Le syndicat sabote le vote de grève des travailleurs de GM au Brésil

Le 14 octobre, le syndicat des métallurgistes de São Caetano do Sul, contrôlé par la fédération Força Sindical, a saboté la grève de 13 jours des travailleurs de General Motors après un vote massif le matin même en faveur de sa poursuite.

Les travailleurs de l’usine GM de São Caetano votent en faveur de la poursuite de la grève (Photo: sindmetalsjc.org.br)

Immédiatement après le vote, le syndicat s’est adressé à la presse, déclarant au Diário do Grande ABC que «plus de 70 pour cent des employés ont déjà repris leurs activités». Le sabotage ouvert de la grève des travailleurs de GM était sur le site officiel du syndicat, son président Aparecido da Silva, surnommé Cidão, a déclaré: «Évidemment, le syndicat respecte la position de l’assemblée, mais il faut respecter la décision judiciaire».

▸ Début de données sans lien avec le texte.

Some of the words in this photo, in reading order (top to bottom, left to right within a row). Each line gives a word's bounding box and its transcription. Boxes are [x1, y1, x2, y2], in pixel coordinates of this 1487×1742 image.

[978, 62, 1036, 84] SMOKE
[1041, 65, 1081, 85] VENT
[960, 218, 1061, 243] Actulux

La décision du tribunal régional du travail, imposé par la trahison du syndicat, a pour conséquence que les travailleurs reçoivent moins de la moitié du paiement des bons d’alimentation qu’ils réclamaient; que les travailleurs nouvellement embauchés continuent de risquer d’être licenciés s’ils sont victimes d’un accident du travail, notamment d’une infection au COVID-19; et d’autres concessions incluses dans le contrat accepté par le syndicat et GM.

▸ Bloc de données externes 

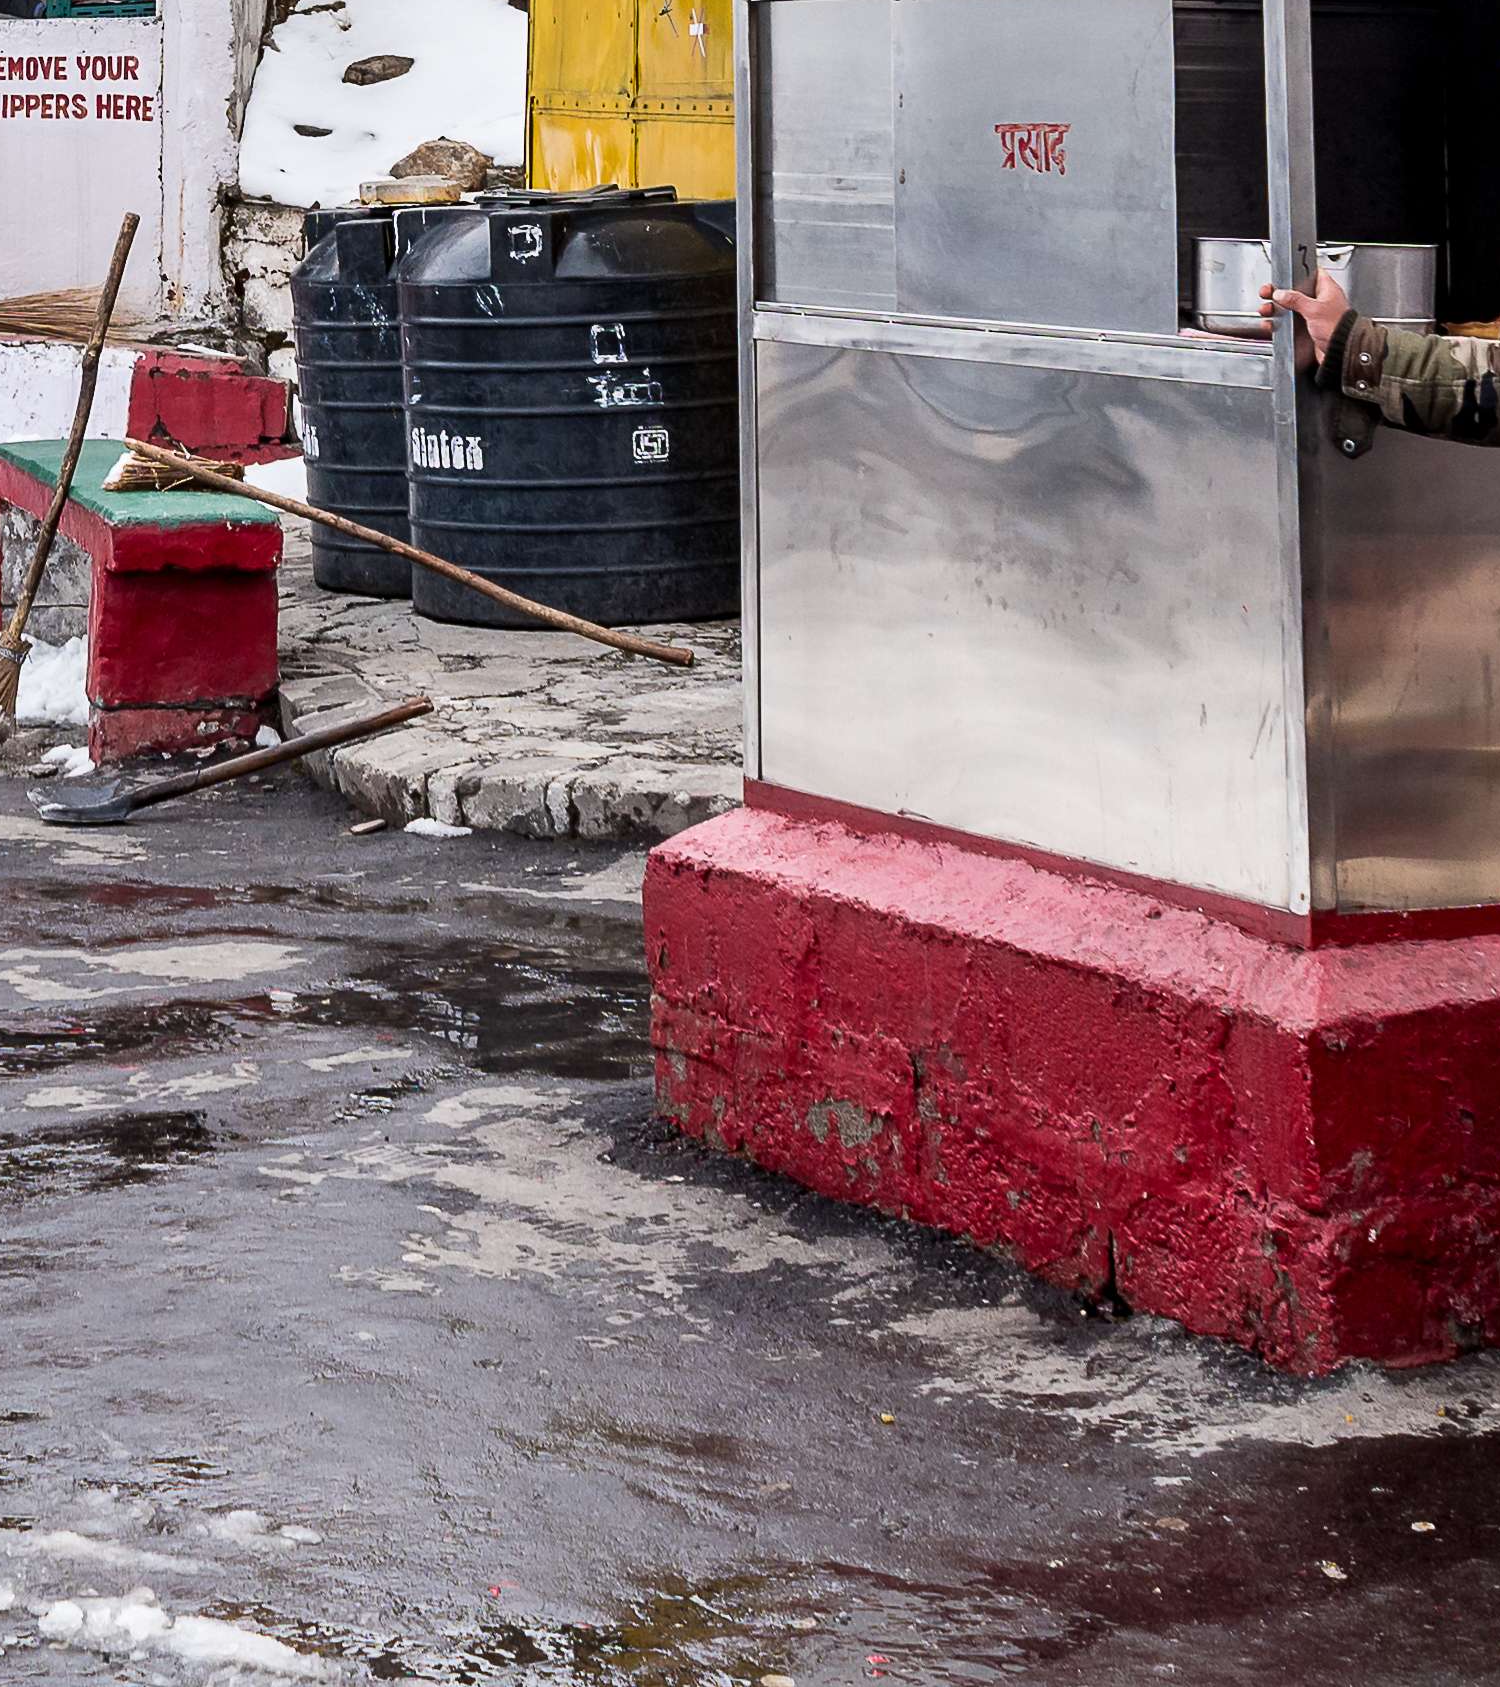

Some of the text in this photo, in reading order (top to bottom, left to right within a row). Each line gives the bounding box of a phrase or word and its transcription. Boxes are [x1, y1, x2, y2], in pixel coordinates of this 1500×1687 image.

Pendant plusieurs semaines, les travailleurs ont rejeté les manœuvres de l’entreprise et du syndicat, qui leur ont présenté à plusieurs reprises des versions presque identiques de la proposition de contrat initialement rejetée, qui imposait également un gel des salaires jusqu’en 2023.

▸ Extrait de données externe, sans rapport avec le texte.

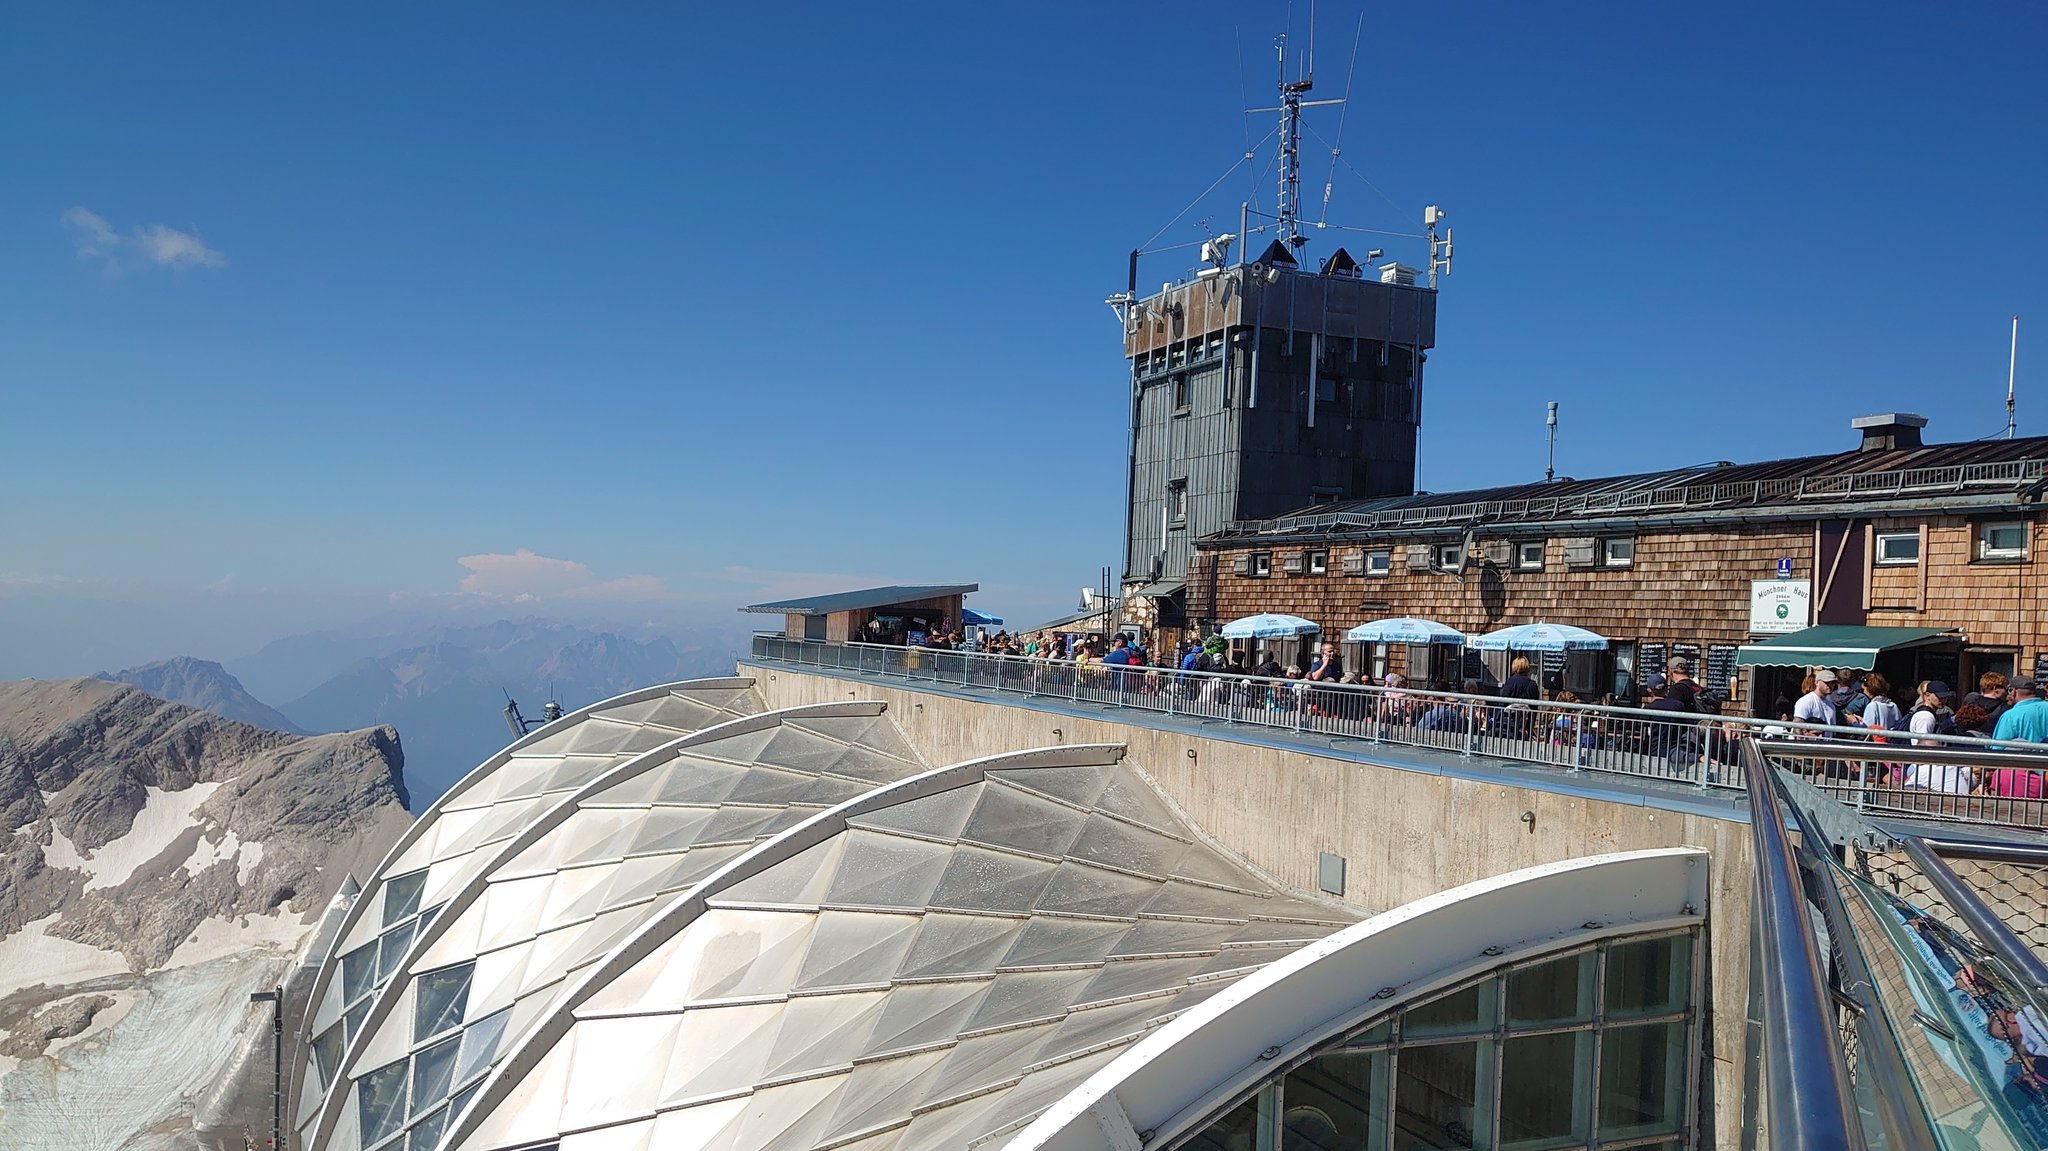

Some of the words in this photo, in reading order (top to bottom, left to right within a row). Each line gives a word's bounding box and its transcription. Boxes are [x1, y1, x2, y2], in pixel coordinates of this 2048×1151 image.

[1782, 559, 1786, 569] 1
[1757, 585, 1787, 599] Münchner
[1793, 586, 1808, 599] Haus

Mercredi de la semaine dernière, le syndicat a été alarmé par un vote unanime rejetant la «dernière proposition» de l’entreprise, qui avait déjà demandé au tribunal du travail de déclarer la grève «abusive». Les travailleurs ont voté en faveur de la poursuite de la grève, au mépris de la décision du tribunal.

Jeudi, malgré la décision du tribunal de rendre la grève illégale, les travailleurs ont montré qu’ils étaient prêts à poursuivre la lutte pour récupérer leurs salaires et avantages sociaux érodés par les hausses de prix pendant la pandémie, ainsi que pour annuler les concessions extorquées par l’entreprise avec l’aide du syndicat au cours des dernières années.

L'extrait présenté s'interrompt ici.